La Blogothèque
Concerts à emporter

Real Estate

Comme une envie d’aller voir la mer.

Au début de l’année dernière, Garrincha dans un article consacré à Fake Blues, disait de Real Estate qu’ils jouent “le blues d’un monde occidental qui n’entend plus que des rumeurs de vagues mais qui rêve d’aller voir la mer, la vraie”.

Ces mots toujours en tête, nous cherchions un endroit hors du temps et de la foule, un lieu propre à faire écho aux choeurs doux et à la nostalgie emplie de réverb du groupe du New Jersey. Il faut dire aussi que le ciel gris et bas de ce milieu d’après-midi favorisait une posture alanguie et un certain vague à l’âme.

C’est un peu à l’écart du festival que nous avons trouvé le lieu idéal: une voie de chemin de fer abandonnée, un pont métallique enjambant le canal de l’Ourcq avec en toile de fond un immeuble en cours de démolition qui, si nous l’avions précisément cherché, aurait pu faire croire à une blague de potache.

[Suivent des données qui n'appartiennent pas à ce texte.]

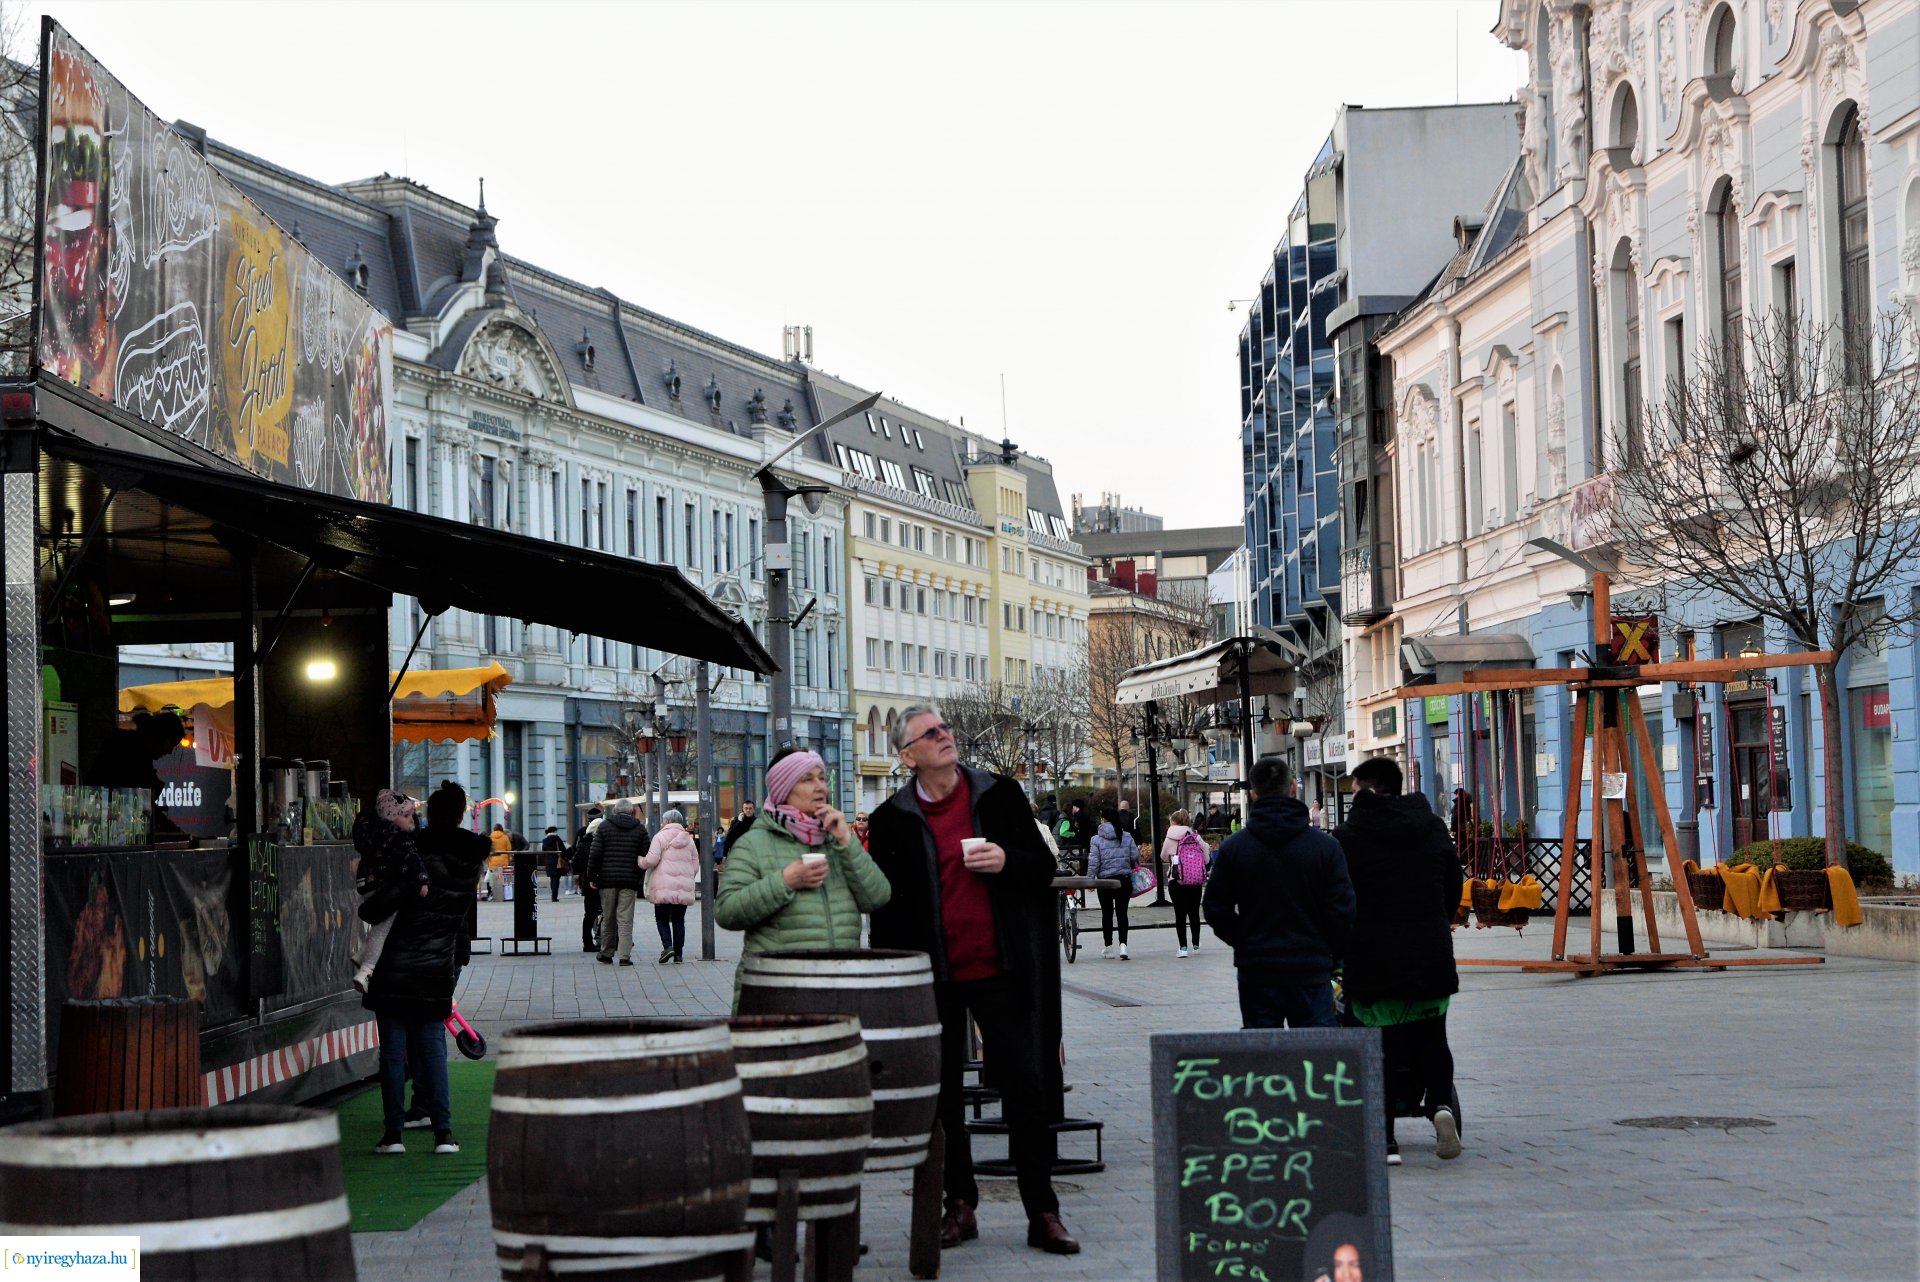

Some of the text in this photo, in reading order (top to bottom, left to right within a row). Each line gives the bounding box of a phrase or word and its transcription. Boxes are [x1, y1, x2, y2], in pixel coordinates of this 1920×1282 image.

Une fois en place, en compagnie de quelques festivaliers qui nous avaient emboités le pas, les guitares de Green Aisles ont commencé à déployer leur blues urbain dans ce décor sur mesure. Là, regardant au loin pour quelques minutes, nous nous sommes mis à rêver d’ailleurs, confortablement installés dans la voix de Martin Courtney.